• _INSTRUCTIONS TO FOLLOW_:
Everything in the listing below needs to be returned word for word.

• _THE INPUT_:
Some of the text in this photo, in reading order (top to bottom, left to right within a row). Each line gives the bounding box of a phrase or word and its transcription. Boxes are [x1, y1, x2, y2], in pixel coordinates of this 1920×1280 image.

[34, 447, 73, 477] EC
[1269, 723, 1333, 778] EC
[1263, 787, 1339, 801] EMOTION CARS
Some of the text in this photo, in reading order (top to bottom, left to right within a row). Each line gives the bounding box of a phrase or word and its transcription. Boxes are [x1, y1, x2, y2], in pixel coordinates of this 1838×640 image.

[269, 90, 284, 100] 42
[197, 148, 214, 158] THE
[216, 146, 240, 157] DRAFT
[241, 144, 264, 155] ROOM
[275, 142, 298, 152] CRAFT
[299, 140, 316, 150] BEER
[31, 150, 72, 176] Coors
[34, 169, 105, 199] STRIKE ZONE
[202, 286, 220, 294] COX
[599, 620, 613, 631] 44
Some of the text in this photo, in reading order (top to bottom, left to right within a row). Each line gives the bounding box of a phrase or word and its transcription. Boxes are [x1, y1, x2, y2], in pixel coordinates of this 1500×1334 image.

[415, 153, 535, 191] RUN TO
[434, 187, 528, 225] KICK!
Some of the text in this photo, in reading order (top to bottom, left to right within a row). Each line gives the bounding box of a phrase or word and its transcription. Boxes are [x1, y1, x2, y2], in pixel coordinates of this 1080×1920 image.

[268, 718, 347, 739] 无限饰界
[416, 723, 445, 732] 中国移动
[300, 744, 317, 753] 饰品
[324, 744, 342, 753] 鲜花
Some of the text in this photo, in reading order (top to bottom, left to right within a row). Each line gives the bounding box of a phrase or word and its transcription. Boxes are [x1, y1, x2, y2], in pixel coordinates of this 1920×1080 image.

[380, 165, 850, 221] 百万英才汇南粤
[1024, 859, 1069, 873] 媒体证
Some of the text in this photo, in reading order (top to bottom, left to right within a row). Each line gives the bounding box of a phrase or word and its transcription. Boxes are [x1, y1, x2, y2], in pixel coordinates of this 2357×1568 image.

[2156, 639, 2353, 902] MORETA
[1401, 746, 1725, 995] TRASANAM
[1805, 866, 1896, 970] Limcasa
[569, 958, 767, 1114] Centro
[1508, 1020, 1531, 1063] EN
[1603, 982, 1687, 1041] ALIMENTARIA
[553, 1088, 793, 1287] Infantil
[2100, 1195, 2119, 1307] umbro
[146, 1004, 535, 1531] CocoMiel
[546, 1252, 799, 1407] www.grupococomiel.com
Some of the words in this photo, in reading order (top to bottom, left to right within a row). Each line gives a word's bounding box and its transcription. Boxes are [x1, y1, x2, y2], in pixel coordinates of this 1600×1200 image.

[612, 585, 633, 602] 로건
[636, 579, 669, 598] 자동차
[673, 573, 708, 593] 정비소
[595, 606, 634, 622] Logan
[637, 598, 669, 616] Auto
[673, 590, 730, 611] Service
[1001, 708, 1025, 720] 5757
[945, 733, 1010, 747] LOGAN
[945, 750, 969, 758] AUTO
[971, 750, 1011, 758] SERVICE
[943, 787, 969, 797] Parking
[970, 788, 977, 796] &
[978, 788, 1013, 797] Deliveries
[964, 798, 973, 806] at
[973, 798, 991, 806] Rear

• _EXERCISE OUTPUT_:
Some of the text in this photo, in reading order (top to bottom, left to right within a row). Each line gives the bounding box of a phrase or word and its transcription. Boxes are [x1, y1, x2, y2], in pixel coordinates of this 1920×1280 image.

[34, 447, 73, 477] EC
[1269, 723, 1333, 778] EC
[1263, 787, 1339, 801] EMOTION CARS
Some of the text in this photo, in reading order (top to bottom, left to right within a row). Each line gives the bounding box of a phrase or word and its transcription. Boxes are [x1, y1, x2, y2], in pixel coordinates of this 1838×640 image.

[269, 90, 284, 100] 42
[197, 148, 214, 158] THE
[216, 146, 240, 157] DRAFT
[241, 144, 264, 155] ROOM
[275, 142, 298, 152] CRAFT
[299, 140, 316, 150] BEER
[31, 150, 72, 176] Coors
[34, 169, 105, 199] STRIKE ZONE
[202, 286, 220, 294] COX
[599, 620, 613, 631] 44
Some of the text in this photo, in reading order (top to bottom, left to right within a row). Each line gives the bounding box of a phrase or word and its transcription. Boxes are [x1, y1, x2, y2], in pixel coordinates of this 1500×1334 image.

[415, 153, 535, 191] RUN TO
[434, 187, 528, 225] KICK!
Some of the text in this photo, in reading order (top to bottom, left to right within a row). Each line gives the bounding box of a phrase or word and its transcription. Boxes are [x1, y1, x2, y2], in pixel coordinates of this 1080×1920 image.

[268, 718, 347, 739] 无限饰界
[416, 723, 445, 732] 中国移动
[300, 744, 317, 753] 饰品
[324, 744, 342, 753] 鲜花
Some of the text in this photo, in reading order (top to bottom, left to right within a row). Each line gives the bounding box of a phrase or word and its transcription. Boxes are [x1, y1, x2, y2], in pixel coordinates of this 1920×1080 image.

[380, 165, 850, 221] 百万英才汇南粤
[1024, 859, 1069, 873] 媒体证
Some of the text in this photo, in reading order (top to bottom, left to right within a row). Each line gives the bounding box of a phrase or word and its transcription. Boxes are [x1, y1, x2, y2], in pixel coordinates of this 2357×1568 image.

[2156, 639, 2353, 902] MORETA
[1401, 746, 1725, 995] TRASANAM
[1805, 866, 1896, 970] Limcasa
[569, 958, 767, 1114] Centro
[1508, 1020, 1531, 1063] EN
[1603, 982, 1687, 1041] ALIMENTARIA
[553, 1088, 793, 1287] Infantil
[2100, 1195, 2119, 1307] umbro
[146, 1004, 535, 1531] CocoMiel
[546, 1252, 799, 1407] www.grupococomiel.com
Some of the words in this photo, in reading order (top to bottom, left to right within a row). Each line gives a word's bounding box and its transcription. Boxes are [x1, y1, x2, y2], in pixel coordinates of this 1600×1200 image.

[612, 585, 633, 602] 로건
[636, 579, 669, 598] 자동차
[673, 573, 708, 593] 정비소
[595, 606, 634, 622] Logan
[637, 598, 669, 616] Auto
[673, 590, 730, 611] Service
[1001, 708, 1025, 720] 5757
[945, 733, 1010, 747] LOGAN
[945, 750, 969, 758] AUTO
[971, 750, 1011, 758] SERVICE
[943, 787, 969, 797] Parking
[970, 788, 977, 796] &
[978, 788, 1013, 797] Deliveries
[964, 798, 973, 806] at
[973, 798, 991, 806] Rear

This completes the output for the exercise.